Schriftgröße: kleiner / normal / größer
11.02.2010

Else Lasker-Schüler (*11.2.1869-† 22.1.1945)

Else Lasker-Schüler  (* 11.2.1869 Elberfeld, † 22.1.1945 Jerusalem), Dichterin, stammte aus einer jüdischen Bürgerfamilie und heiratete nach dem Scheitern ihrer ersten Ehe den Expressionisten Herwarth Walden, durch den sie mit allen führenden Dichtem des Expressionismus in Beziehung kam. Besonders Peter Hille, Theodor Däubler, Franz Marc, Georg Trakl, Gottfried Benn, Franz Werfel, René Schickele und Karl Kraus haben auf ihr Leben und ihre Dichtung entscheidenden Einfluss ausgeübt. Else Lasker-Schüler ist zu den bedeutendsten literarischen Kräften des 20. Jahrhunderts zu zählen. 1933 musste sie aus Deutschland fliehen und starb 1945 völlig vereinsamt und verarmt.

Ihr literarisches Werk ist typisch für die Jahrhundertwende zwischen Neuromantik und Expressionismus, Impressionismus und Psychologismus.
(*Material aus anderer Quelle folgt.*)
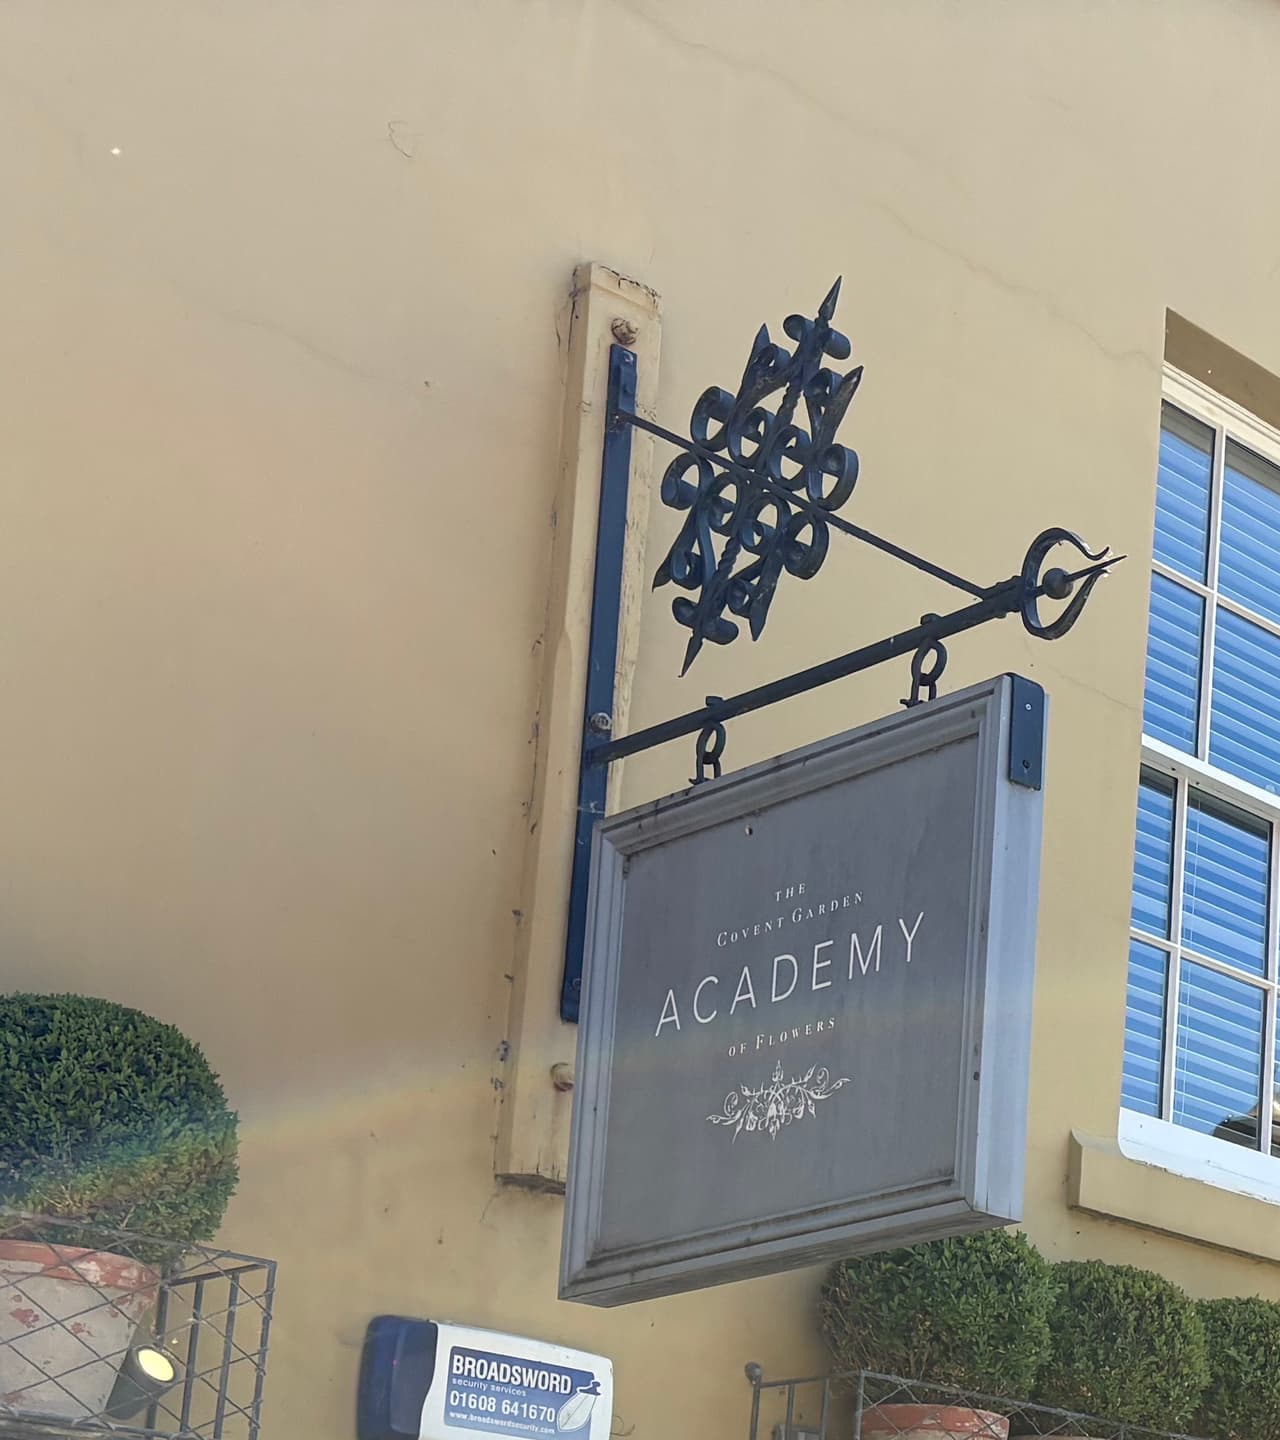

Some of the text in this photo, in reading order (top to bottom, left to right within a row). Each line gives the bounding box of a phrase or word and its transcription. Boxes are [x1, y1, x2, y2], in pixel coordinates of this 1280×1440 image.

[776, 883, 806, 902] THE
[717, 891, 864, 947] COVENT GARDEN
[655, 911, 924, 1037] ACADEMY
[728, 1017, 836, 1057] OF FLOWERS
[452, 1354, 572, 1394] BROADSWORD
[452, 1377, 527, 1397] security services
[450, 1390, 555, 1423] 01608 641670
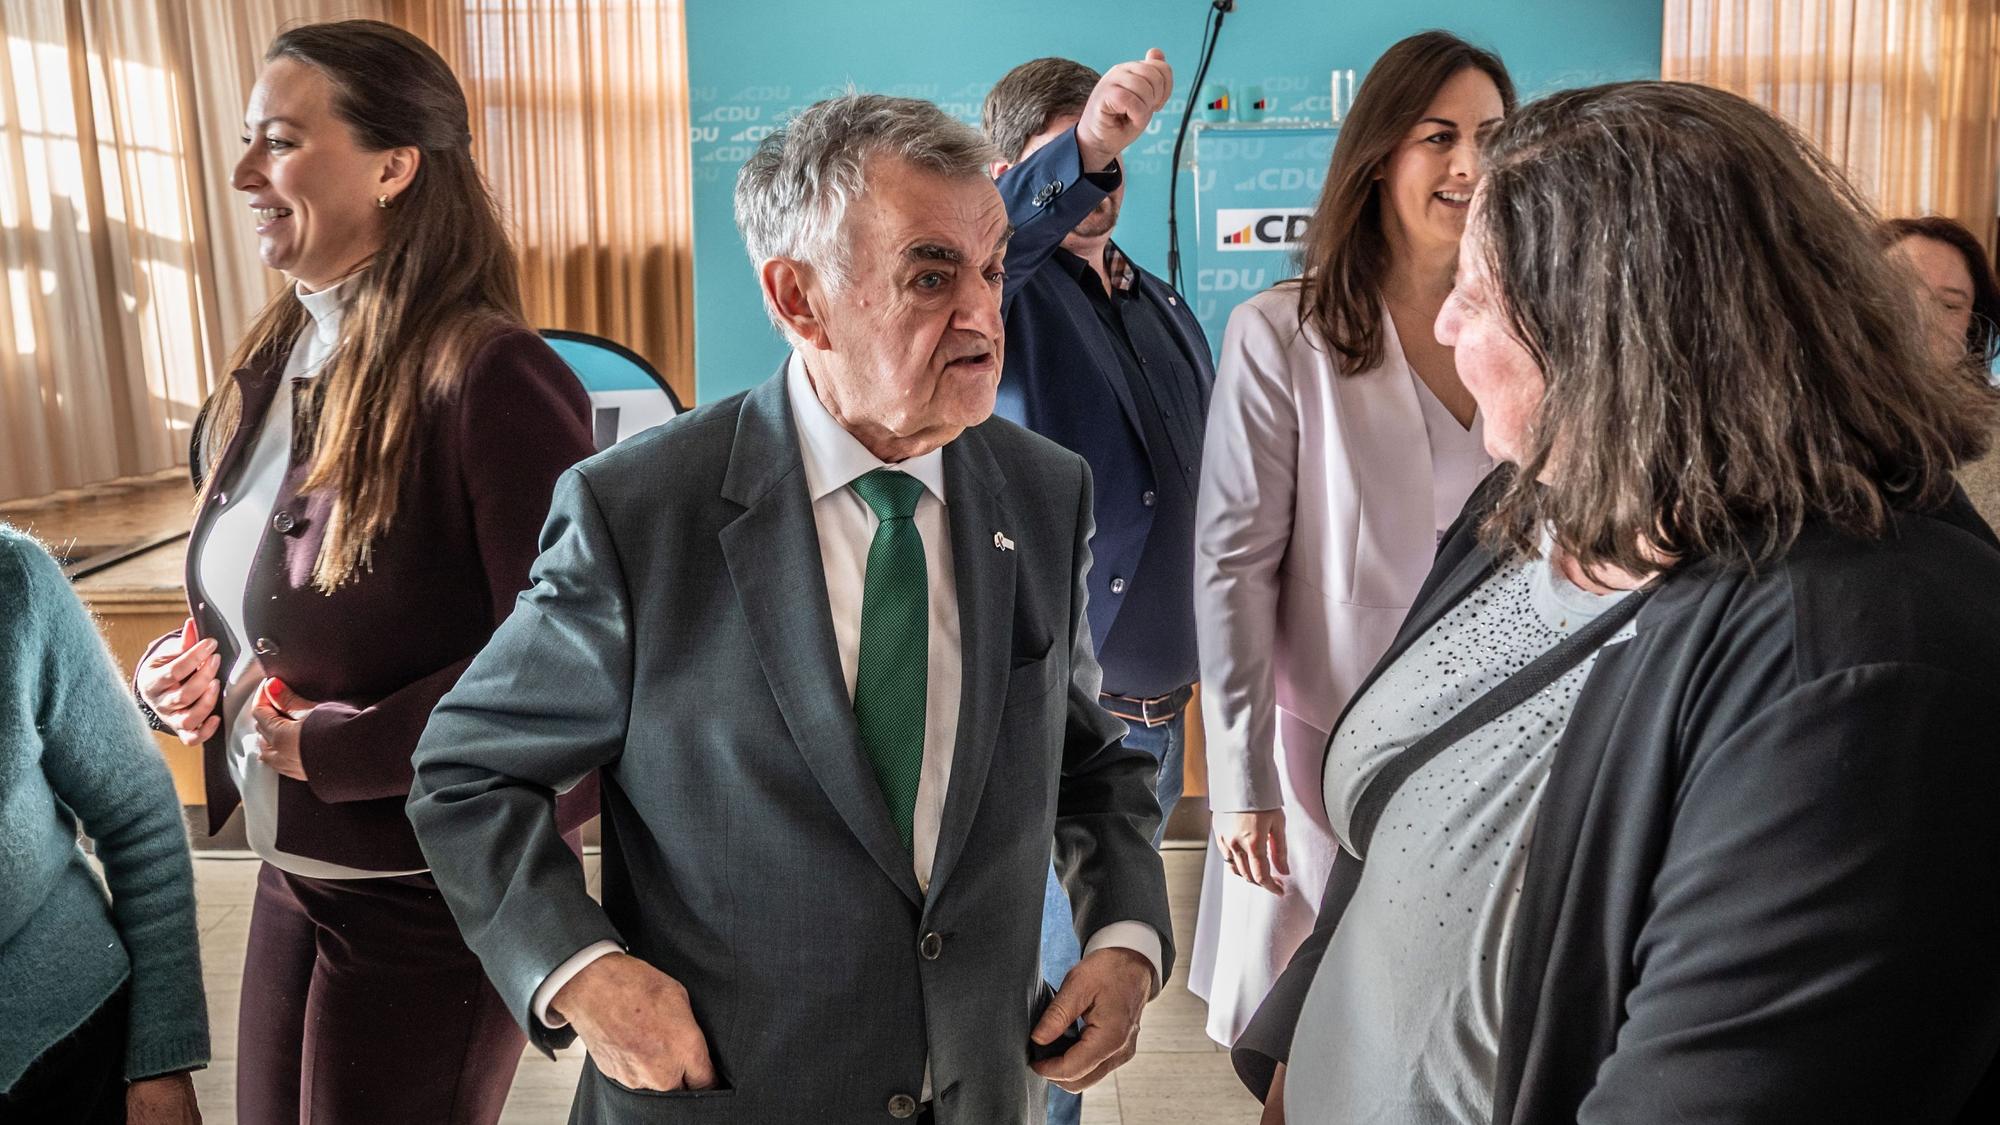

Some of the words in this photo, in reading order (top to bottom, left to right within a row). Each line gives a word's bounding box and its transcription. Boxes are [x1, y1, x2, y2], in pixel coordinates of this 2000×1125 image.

[714, 106, 761, 121] CDU
[690, 126, 720, 142] DU
[1255, 214, 1314, 243] CD
[1198, 268, 1265, 291] CDU
Wohl hat die Lyrik Gottfried Benns auf ihr Schaffen den nachhaltigsten Einfluss gehabt. Aus der Fülle berühmter Dichtungen, die anfänglich noch lebensfroh das Dasein bejahen bis sie später immer stärker unter dem Druck der Zeitereignisse in düstere Resignation münden, müssen die Gedichte "Styx" (1902), "Mein Wunder" (1911) "Hebräische Balladen" (1913), "Theben" (1923) und "Mein blaues Klavier" (1943) hervorgehoben werden: Ihr Roman "Mein Herz" (1912) ist ein Zeugnis für den frühen Expressionismus, der sonst eigentlich keine Romane hervorgebracht hat. Mit dem Schauspiel "Die Wupper" (1909) begründete sie das expressionistische Theater und wirkt mit diesem Werk auf das Theaterschaffen bis in unsere Tage. Ihre Erzählung "Der Prinz von Theben" (1914) und die zahlreichen theoretische Schriften sind nicht nur bedeutende Zeitdokumente, sondern auch künstlerische Leistungen von höchster Qualität.